What Do Temporal Graph Learning Models Learn?

A new research paper titled "What Do Temporal Graph Learning Models Learn?" by Abigail J. Hayes, Tobias Schumacher, and Markus Strohmaier provides a critical, systematic evaluation of the capabilities of temporal graph learning models. The work addresses growing concerns about the reliability of benchmark results in the field, where simple heuristics have been surprisingly competitive. The researchers methodically tested eight prominent models on their ability to learn and reproduce eight fundamental characteristics of temporal graphs.
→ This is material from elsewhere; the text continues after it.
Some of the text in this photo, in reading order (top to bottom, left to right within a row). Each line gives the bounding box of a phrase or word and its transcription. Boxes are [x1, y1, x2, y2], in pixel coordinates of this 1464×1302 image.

These characteristics spanned three categories: structural (like graph density), temporal (like recency of interactions), and edge-formation mechanisms (like homophily, where similar nodes connect).
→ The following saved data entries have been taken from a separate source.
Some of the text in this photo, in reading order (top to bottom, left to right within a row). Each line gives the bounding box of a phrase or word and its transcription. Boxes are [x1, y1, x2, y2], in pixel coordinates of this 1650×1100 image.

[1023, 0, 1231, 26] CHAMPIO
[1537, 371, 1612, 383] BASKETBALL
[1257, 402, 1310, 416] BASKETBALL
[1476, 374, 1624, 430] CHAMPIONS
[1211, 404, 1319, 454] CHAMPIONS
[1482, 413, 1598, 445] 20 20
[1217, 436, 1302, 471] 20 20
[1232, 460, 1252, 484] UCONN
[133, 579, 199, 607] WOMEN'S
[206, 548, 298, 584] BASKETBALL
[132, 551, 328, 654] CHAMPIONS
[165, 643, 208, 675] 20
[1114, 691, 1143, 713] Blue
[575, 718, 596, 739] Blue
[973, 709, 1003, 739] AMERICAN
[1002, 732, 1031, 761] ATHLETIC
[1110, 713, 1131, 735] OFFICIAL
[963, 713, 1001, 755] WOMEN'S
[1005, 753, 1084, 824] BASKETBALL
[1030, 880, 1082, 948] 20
Using both controlled synthetic datasets and real-world data, the analysis revealed a mixed and often limited picture of model performance. While models successfully captured some characteristics, they consistently failed to reproduce others, highlighting significant gaps in what these supposedly advanced systems actually learn from data. The findings challenge the assumption that strong benchmark performance equates to a deep, general understanding of temporal graph dynamics. The authors conclude that their results expose important limitations in current evaluation protocols and advocate for more interpretability-driven assessments in graph learning research to ensure models are learning meaningful patterns rather than exploiting dataset artifacts.